▸ **What is needed**
Return the entries verbatim and drop every picture.

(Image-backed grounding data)
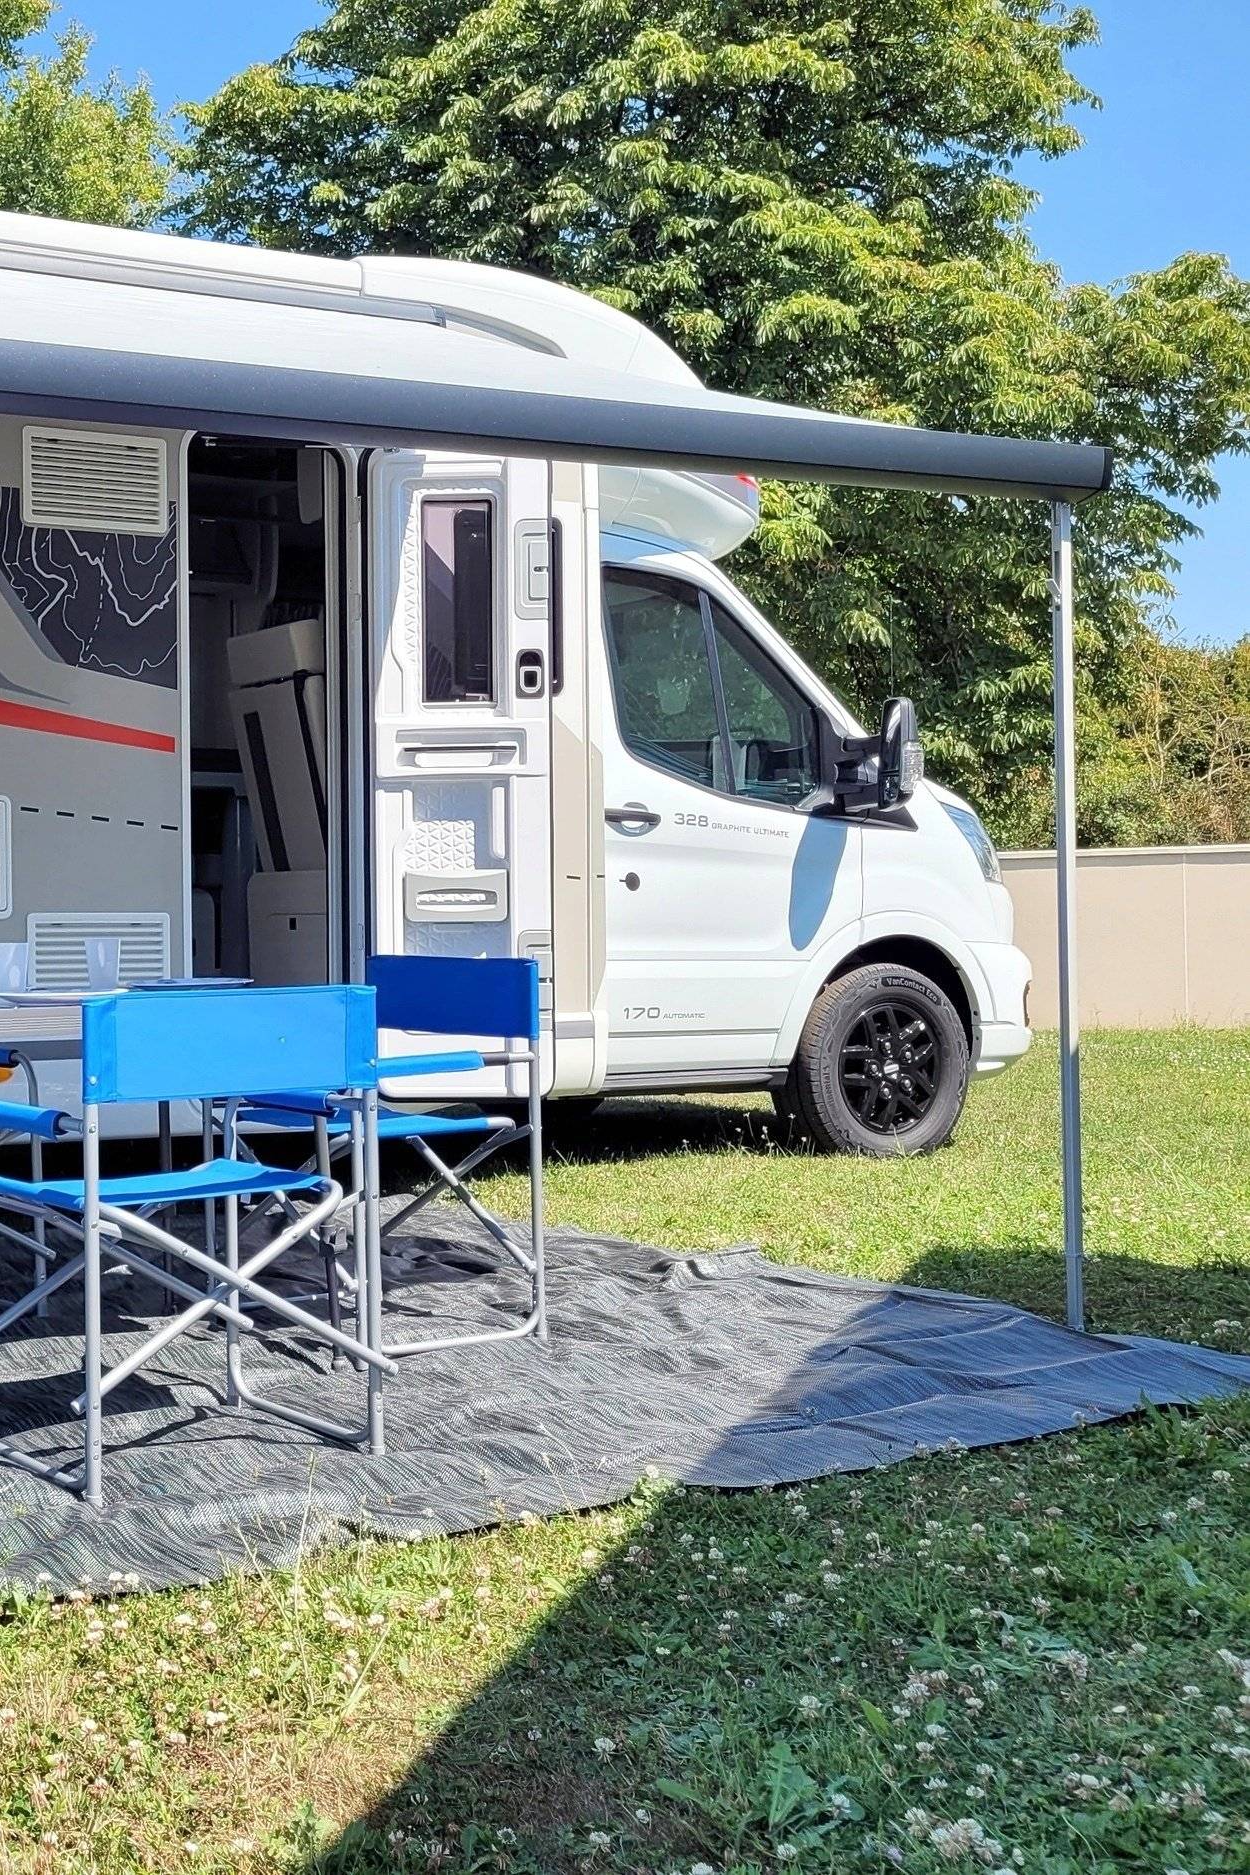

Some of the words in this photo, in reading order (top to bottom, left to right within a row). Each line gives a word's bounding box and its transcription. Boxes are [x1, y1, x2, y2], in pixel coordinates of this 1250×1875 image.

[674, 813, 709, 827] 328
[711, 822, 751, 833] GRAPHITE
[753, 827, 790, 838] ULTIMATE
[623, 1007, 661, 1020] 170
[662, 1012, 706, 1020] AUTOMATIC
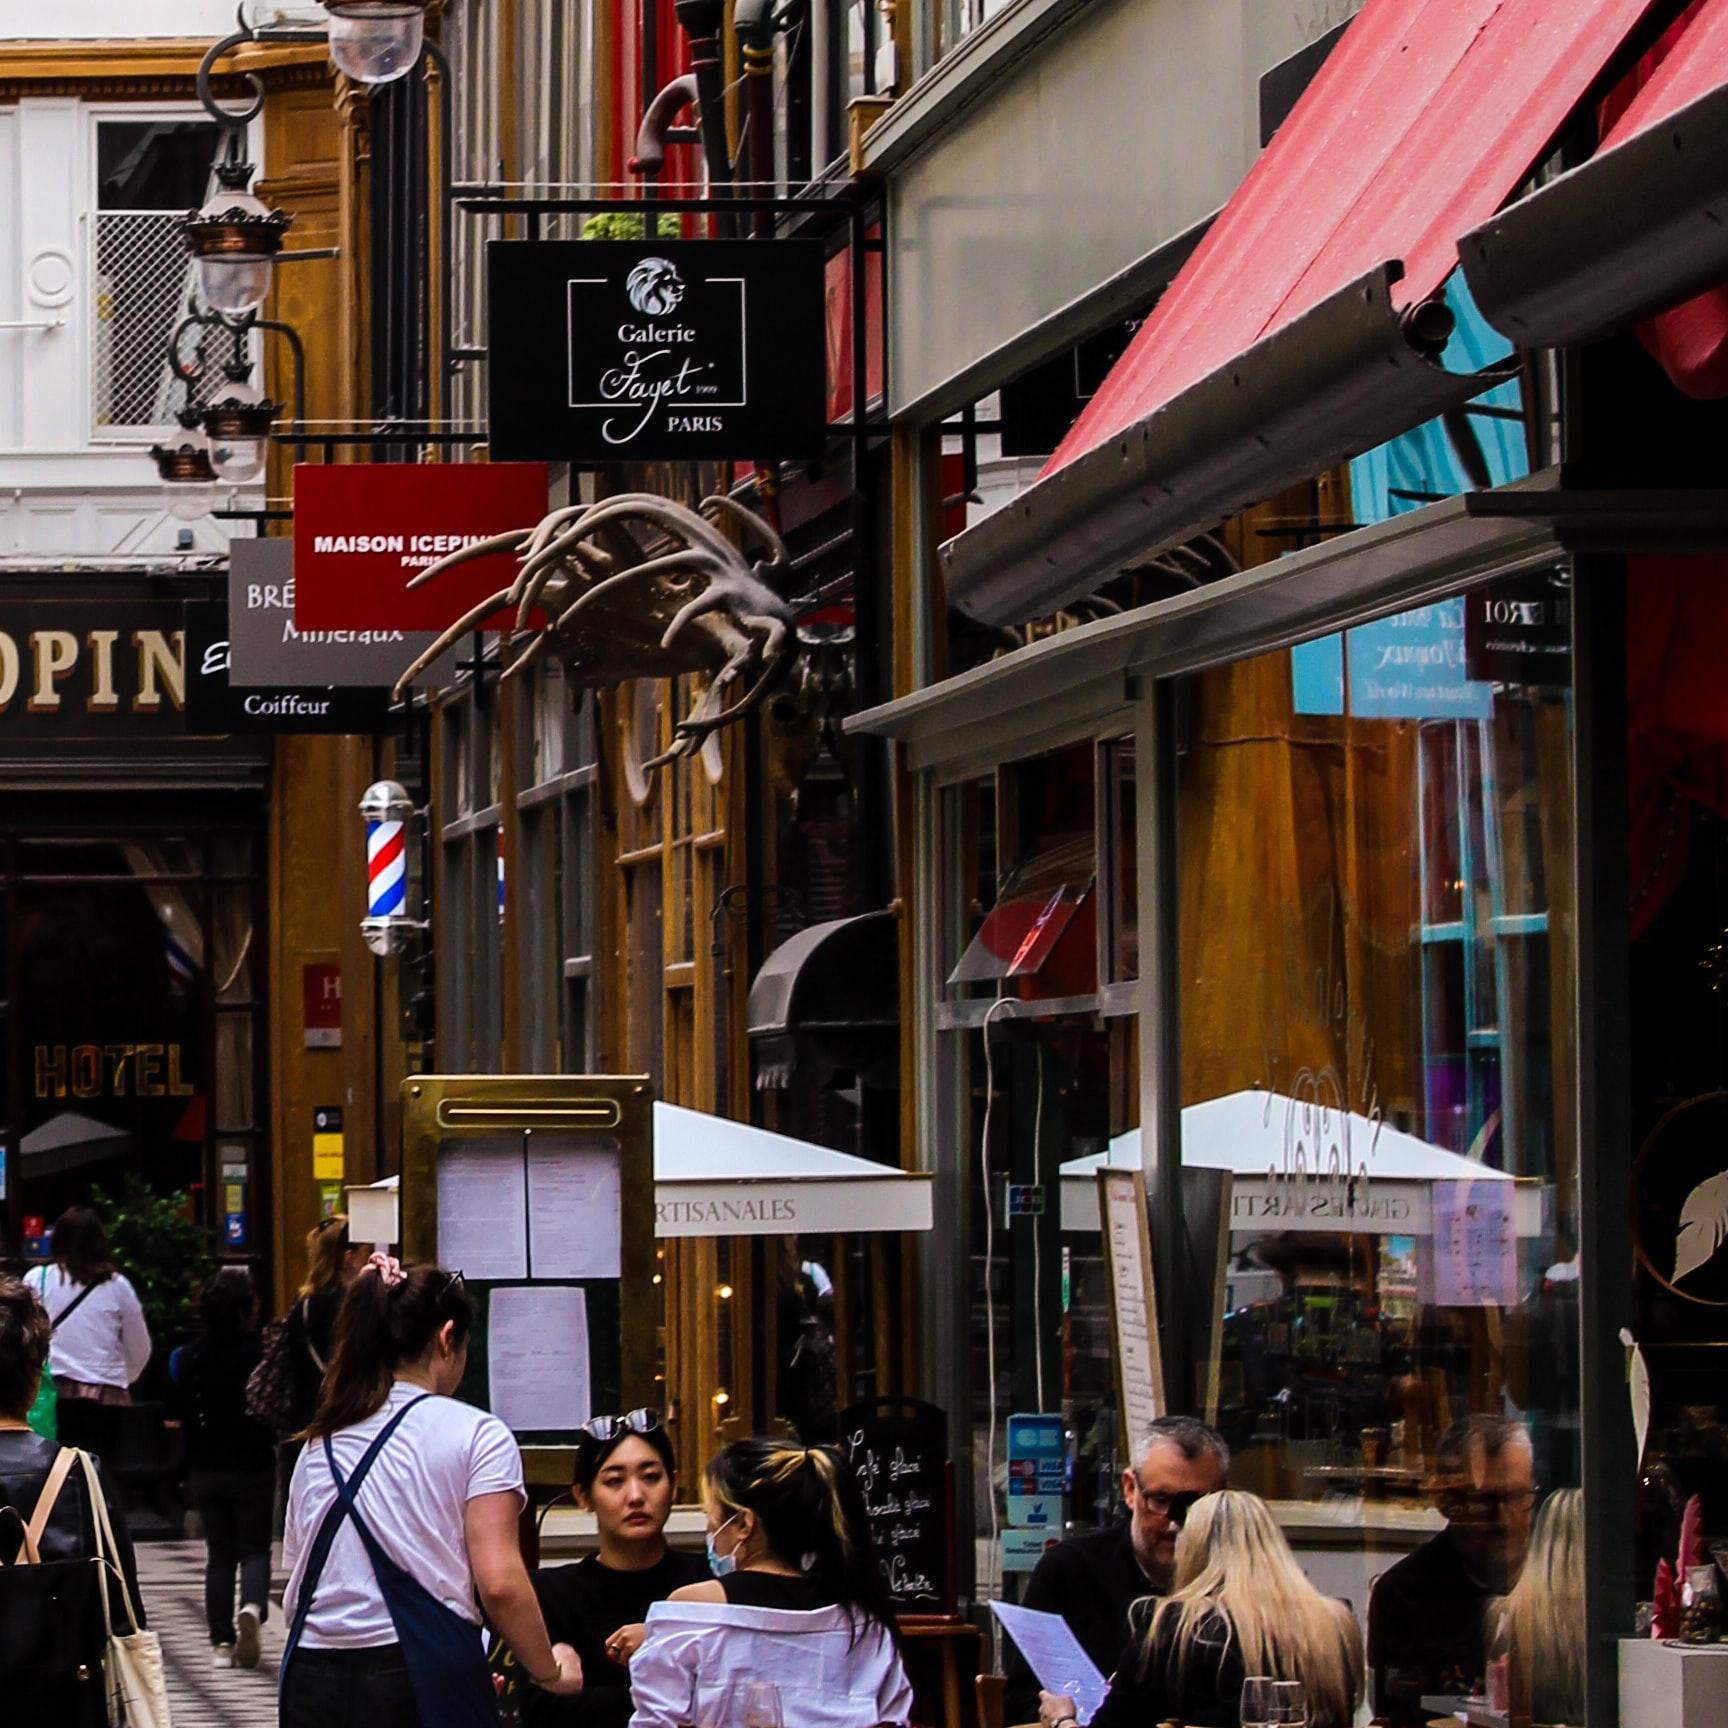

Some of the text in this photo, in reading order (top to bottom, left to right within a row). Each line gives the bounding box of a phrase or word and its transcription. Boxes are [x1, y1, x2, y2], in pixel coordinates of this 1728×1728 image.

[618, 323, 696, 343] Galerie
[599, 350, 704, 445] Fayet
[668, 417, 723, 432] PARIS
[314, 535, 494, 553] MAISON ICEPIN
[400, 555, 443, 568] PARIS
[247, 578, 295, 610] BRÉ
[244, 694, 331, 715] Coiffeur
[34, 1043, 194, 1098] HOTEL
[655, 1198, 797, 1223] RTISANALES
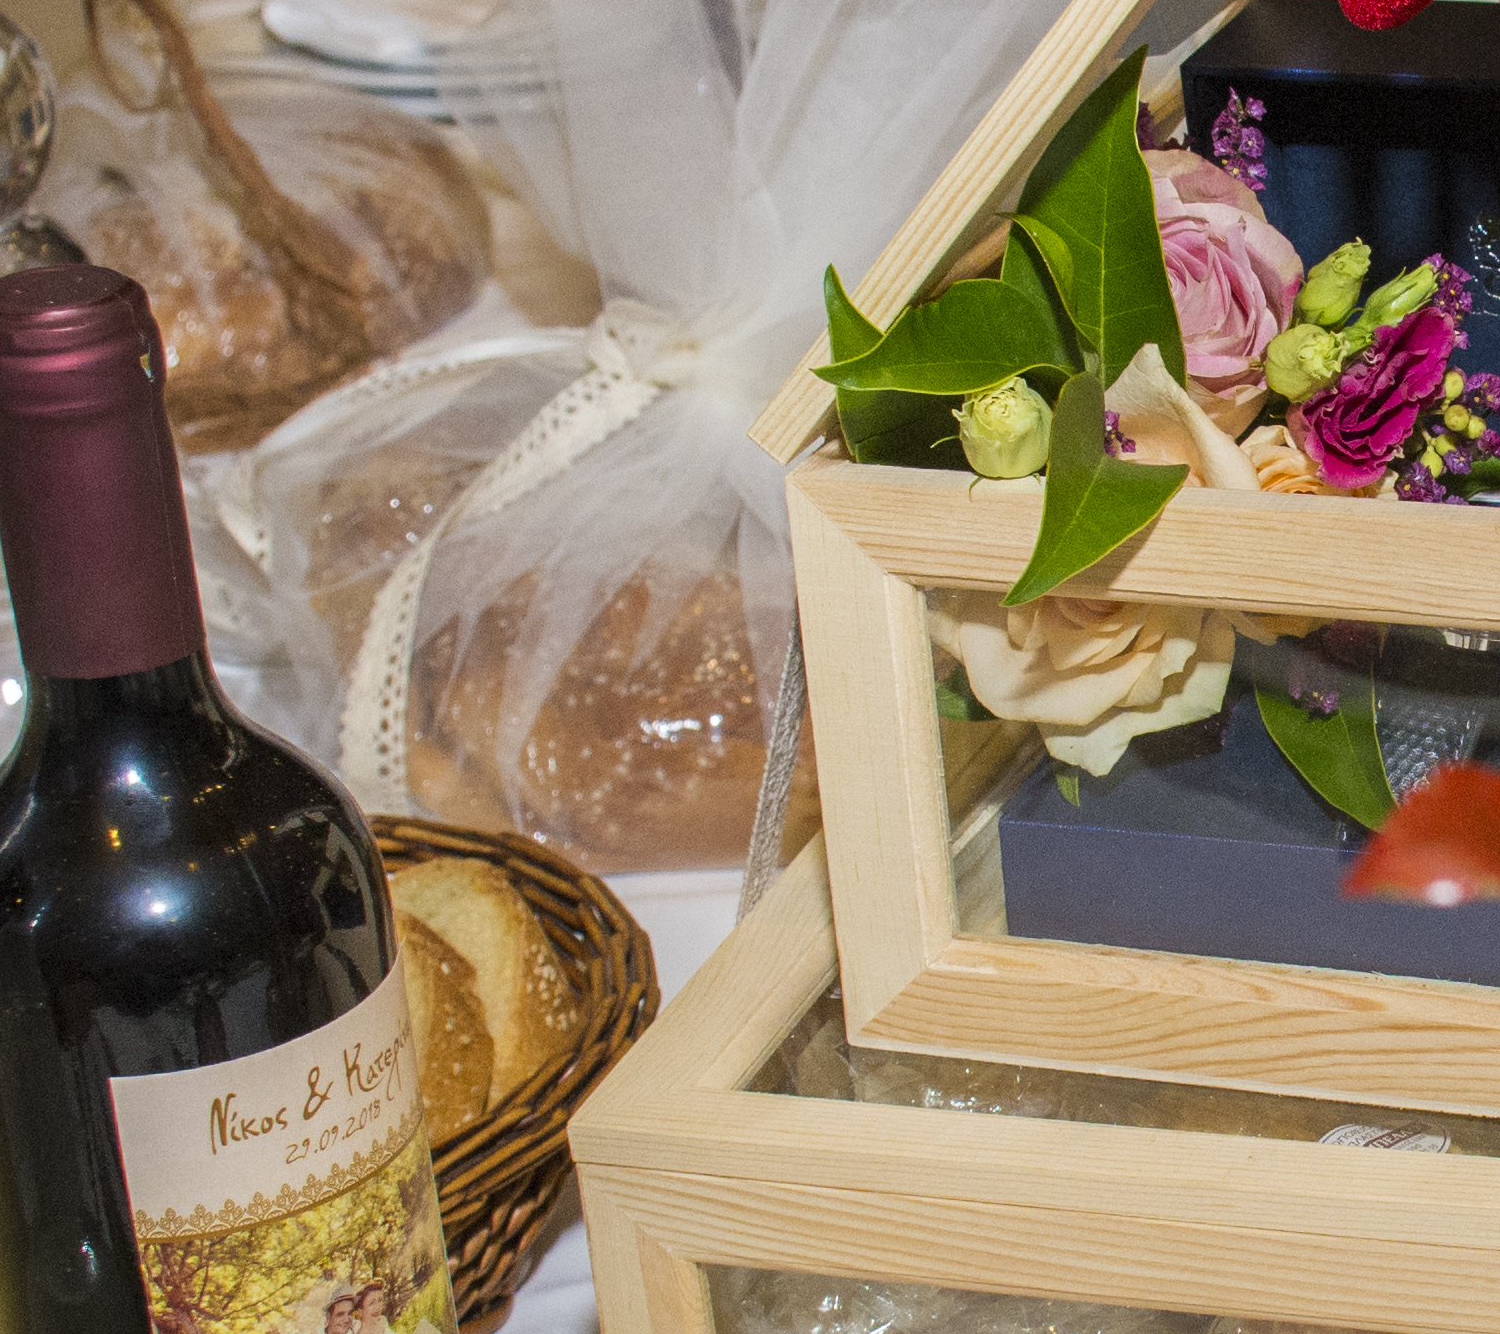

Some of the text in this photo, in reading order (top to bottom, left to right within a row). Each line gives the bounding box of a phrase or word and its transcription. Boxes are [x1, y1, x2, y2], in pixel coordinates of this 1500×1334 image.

▸ **Task result**
Some of the words in this photo, in reading order (top to bottom, left to right within a row). Each line gives a word's bounding box and its transcription. Boxes are [x1, y1, x2, y2], in pixel coordinates of this 1250×1875 image.

[674, 813, 709, 827] 328
[711, 822, 751, 833] GRAPHITE
[753, 827, 790, 838] ULTIMATE
[623, 1007, 661, 1020] 170
[662, 1012, 706, 1020] AUTOMATIC

Some of the text in this photo, in reading order (top to bottom, left to right within a row). Each line gives the bounding box of a phrase or word and its transcription. Boxes are [x1, y1, x2, y2], in pixel coordinates of this 1728×1728 image.

[618, 323, 696, 343] Galerie
[599, 350, 704, 445] Fayet
[668, 417, 723, 432] PARIS
[314, 535, 494, 553] MAISON ICEPIN
[400, 555, 443, 568] PARIS
[247, 578, 295, 610] BRÉ
[244, 694, 331, 715] Coiffeur
[34, 1043, 194, 1098] HOTEL
[655, 1198, 797, 1223] RTISANALES

Some of the text in this photo, in reading order (top to bottom, left to right within a row). Each line gives the bounding box of a phrase or word and its transcription. Boxes are [x1, y1, x2, y2], in pixel coordinates of this 1500×1334 image.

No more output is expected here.